L’ici et l’ailleurs, le soi et l’autre

D’abord, démêlons les cartes. Deux publications, produites par le centre d’artistes et de l’image contemporaine Vox, couvrent le travail de l’artiste conceptuel. L’une d’entre elles est une réédition du livre publié par Vazan lui-même en 1971, qui se proposait de documenter les étapes de la réalisation de son projet titanesque. Broché et d’aspect assez rudimentaire, ce livre inclut la correspondance, les calculs géodésiques et les images des différents lieux participant au projet. Selon l’artiste, il est « un point de contact qui permet de réimaginer l’intervention » qui fut mise en œuvre simultanément le 5 mars 1971. Ma critique se penchera plutôt sur le deuxième ouvrage, All over la planète, traitant des travaux de Vazan et plus spécifiquement de Worldline, « œuvre emblématique de notre histoire culturelle ».
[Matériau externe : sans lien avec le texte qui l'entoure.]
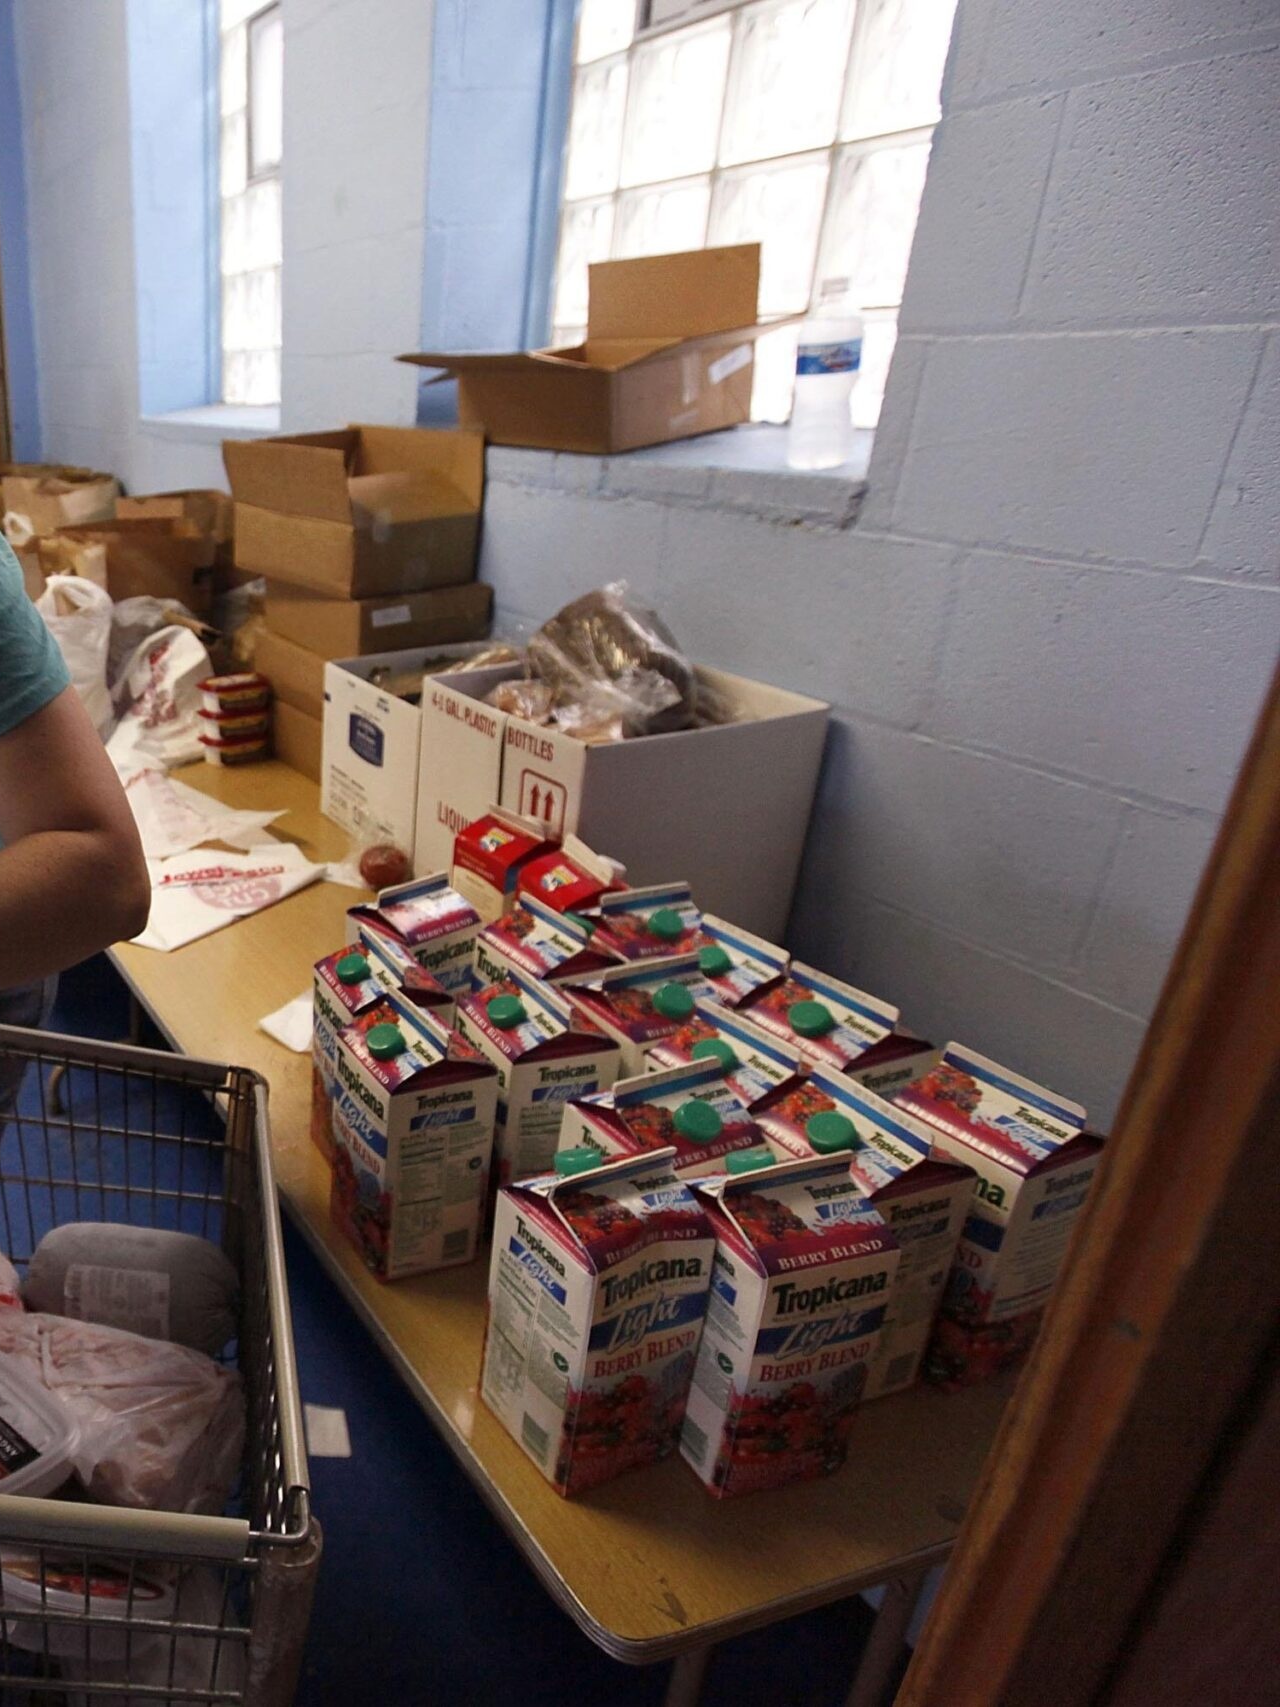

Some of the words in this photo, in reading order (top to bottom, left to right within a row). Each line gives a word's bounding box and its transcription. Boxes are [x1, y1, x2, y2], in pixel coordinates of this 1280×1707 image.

Sur la couverture, sur fond gris cendré assez pâle, une main en gros plan retient, du bout des doigts, un petit globe terrestre. Le geste semble solennel, empreint d’une gravité proche de celle de l’enfant qui ramasse un caillou près d’un ruisseau. Cette photo a résolument le pouvoir symbolique d’annoncer, de nous introduire à merveille l’œuvre conceptuelle, dont l’enjeu du projet éditorial à deux volets est de la « reconsidérer au présent sans pour autant la tenir pour acquise ».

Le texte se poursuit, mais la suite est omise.